A scroll unit 30 is disposed in the body 4 above the spindle frame 18, and the scroll unit 30 performs a series of processes of refrigerant suction, compression, and discharge. Specifically, the scroll unit 30 includes a movable scroll 34 and a fixed scroll 36. These movable and fixed scrolls 34 and 36 are provided with end plates 38 and 40, respectively, and the end plates 38 and 40 are integrally formed with spiral wraps that mesh with each other. A boss 44 is integrally formed on the back surface 50 of the end plate 38 of the movable scroll 34, and this boss 44 is rotatably supported on the upper end of the rotating shaft 16, that is, the eccentric shaft 48 via a bearing 46. . Therefore, when the motor 14, that is, the rotating shaft 16 thereof is rotated, the movable scroll 34 performs a turning motion around the axis of the rotating shaft 16 in a state where the rotation of the movable scroll 34 is prevented. In the figure, a mechanism for preventing the rotation of the movable scroll 34 is omitted.

  On the other hand, a discharge chamber 54 is formed between the end plate 40 of the fixed scroll 36 and the upper lid 6, and the discharge chamber 54 communicates not only with the discharge pipe 12 but also within the housing 2. A discharge hole 56 is formed through the center portion of the end plate 40 so that the discharge hole 56 can be opened and closed by a discharge valve 58. The discharge valve 58 is disposed on the back surface of the end plate 40. In addition, the discharge valve 58 is covered with a discharge cover 60, and the discharge cover 60 suppresses the propagation of sound generated when the discharge valve 58 is opened.

  The orbiting motion of the movable scroll 34 described above forms a compression chamber 42 between the spiral wraps of the movable scroll 34 and the fixed scroll 36, and the compression chamber 42 moves from the radially outer peripheral side of the spiral wrap toward the center. At this time, the volume gradually decreases. More specifically, the compression chamber 42 generated outside in the radial direction of the spiral wrap sucks and confines the low-pressure refrigerant introduced into the housing 2 through the suction pipe 10 described above. It is compressed in the process of moving toward the center of the spiral wrap. Thereafter, when the compression chamber 42 reaches the discharge hole 56, the refrigerant pressure in the compression chamber 42 overcomes the cutoff force of the discharge valve 58 to open the discharge valve 58, and high-pressure refrigerant from the compression chamber 42 passes through the discharge hole 56. It is discharged into the discharge chamber 54. While the high-pressure refrigerant in the discharge chamber 54 is sent to the circulation path through the discharge pipe 12, the housing 2 on the motor 14 side is filled from the discharge chamber 54, and back pressure is applied to the back surface 50 of the end plate 38 in the movable scroll 34. Make it work.

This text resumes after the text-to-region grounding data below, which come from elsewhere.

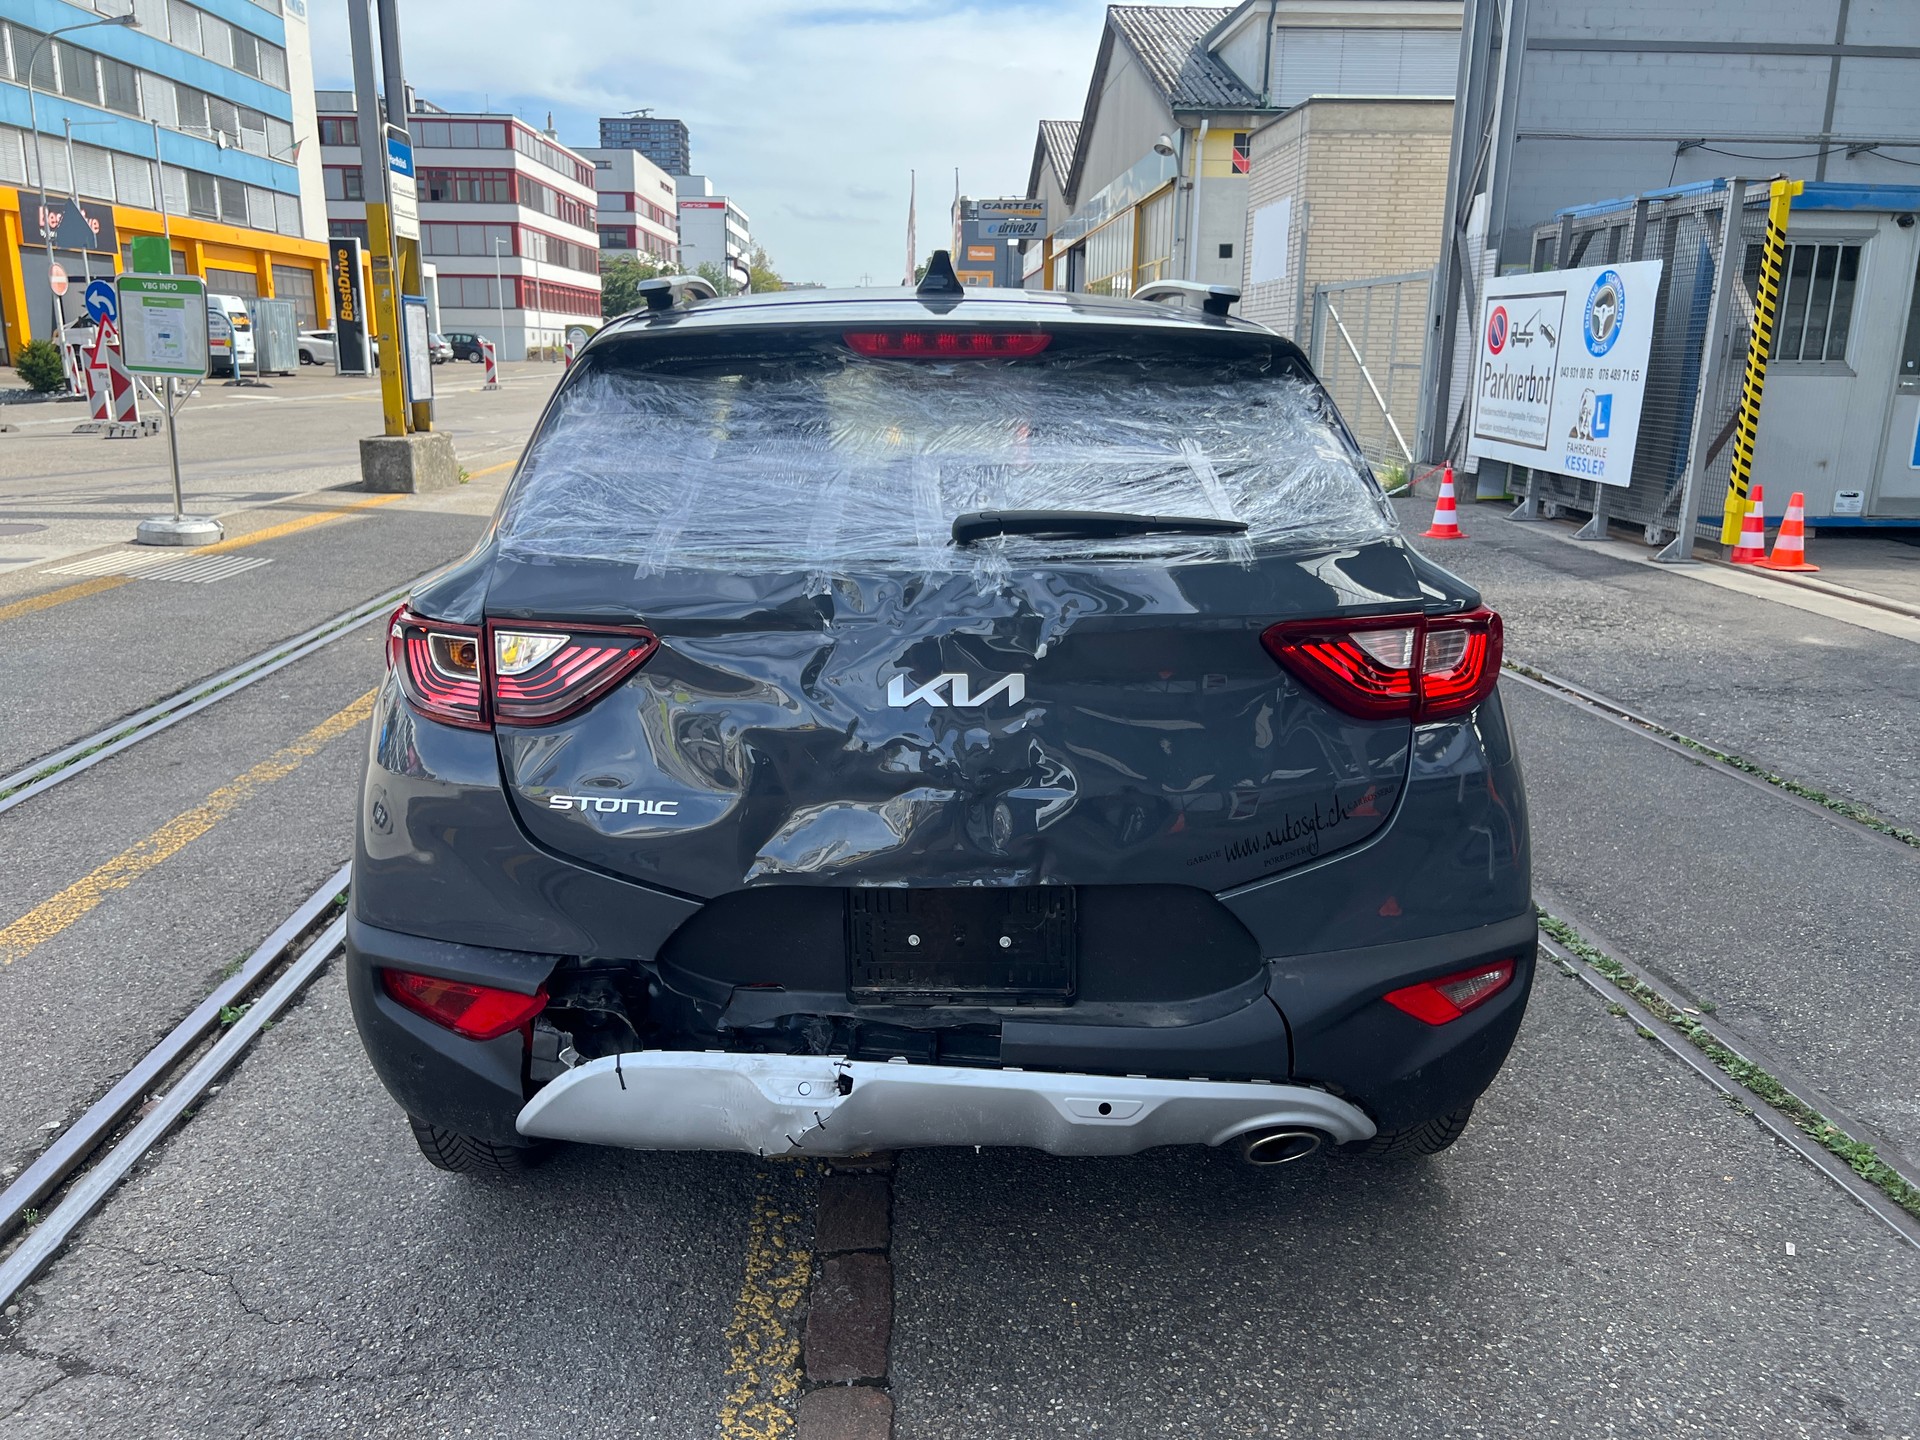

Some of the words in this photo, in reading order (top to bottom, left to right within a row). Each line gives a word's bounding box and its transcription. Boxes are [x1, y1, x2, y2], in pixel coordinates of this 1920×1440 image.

[142, 282, 158, 290] VBG
[160, 283, 178, 291] INFO
[335, 248, 354, 321] BestDrive
[1584, 283, 1599, 329] DRIVING
[1605, 272, 1624, 329] TECHNOLOGY
[1590, 342, 1608, 354] SWISS
[1482, 362, 1551, 405] Parkverbot
[1622, 369, 1630, 381] 71
[1631, 369, 1640, 381] 65
[1595, 401, 1606, 430] L
[1566, 441, 1607, 459] FAHRSCHULE
[1565, 455, 1605, 476] KESSLER
[888, 673, 1025, 707] KIA
[549, 795, 679, 816] STONIC
[1186, 849, 1221, 866] GARAGE
[1224, 794, 1350, 862] www.autosgt.ch

  Specifically, a predetermined back pressure chamber 52 is formed between the back surface 50 of the end plate 38 and the end surface 18A of the spindle frame 18 in the movable scroll 34, and the refrigerant in the housing 2 is transferred to the back pressure chamber 52 as described above. The back pressure is guided to the back pressure chamber 52 through the bearings 46 and 17. Such a back pressure acts against the thrust load on the back surface 50 of the movable scroll 34, so that the frictional resistance of the movable scroll 34 against the end surface 18a of the spindle frame 18 is reduced during the orbiting revolution of the movable scroll 34. To do.

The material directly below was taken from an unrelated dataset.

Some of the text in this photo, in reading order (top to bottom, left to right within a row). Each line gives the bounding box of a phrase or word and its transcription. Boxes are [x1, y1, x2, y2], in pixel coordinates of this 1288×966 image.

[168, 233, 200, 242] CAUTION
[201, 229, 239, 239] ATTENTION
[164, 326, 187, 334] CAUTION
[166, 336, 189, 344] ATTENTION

On the other hand, an oil supply passage 28 is formed in the rotation shaft 16 of the motor 14, and the oil supply passage 28 extends over the entire length of the rotation shaft 16. An oil pump 24 is attached to the lower end of the rotating shaft 16, and a lower portion in the housing 2 is formed as an oil storage chamber 26 for the lubricating oil L.
The oil pump 24 is driven by the rotation of the rotating shaft 16, sucks the lubricating oil L in the oil storage chamber 26, and sends the sucked lubricating oil L into the oil supply path 28 of the rotating shaft 16. Therefore, the lubricating oil L is ejected from the upper end of the rotating shaft 16 through the oil supply passage 28 and flows down along the outer peripheral surface of the rotating shaft 16. Therefore, such a flow of lubricating oil lubricates the bearings 17 and 46 described above, while being guided into the back pressure chamber 52 together with the refrigerant, and sliding between the end face 18A of the spindle frame 18 and the movable scroll 34. It lubricates the part and also functions as a seal for the sliding surface in the scroll unit.

Here, since the pressure in the housing 2 is acting on the surface of the lubricating oil L in the oil storage chamber 26 as described above, such pressurization of the lubricating oil L reduces the load on the oil pump 24. The lubricating oil L guided to the back pressure chamber 52 is also the same as the pressure in the housing 2.
Further, a return port 32 for the lubricating oil L is formed at an appropriate position of the countershaft frame 22, and the lubricating oil L supplied to each sliding portion, the bearings 17, 46, etc. is stored through the return port 32. Returned to chamber 26.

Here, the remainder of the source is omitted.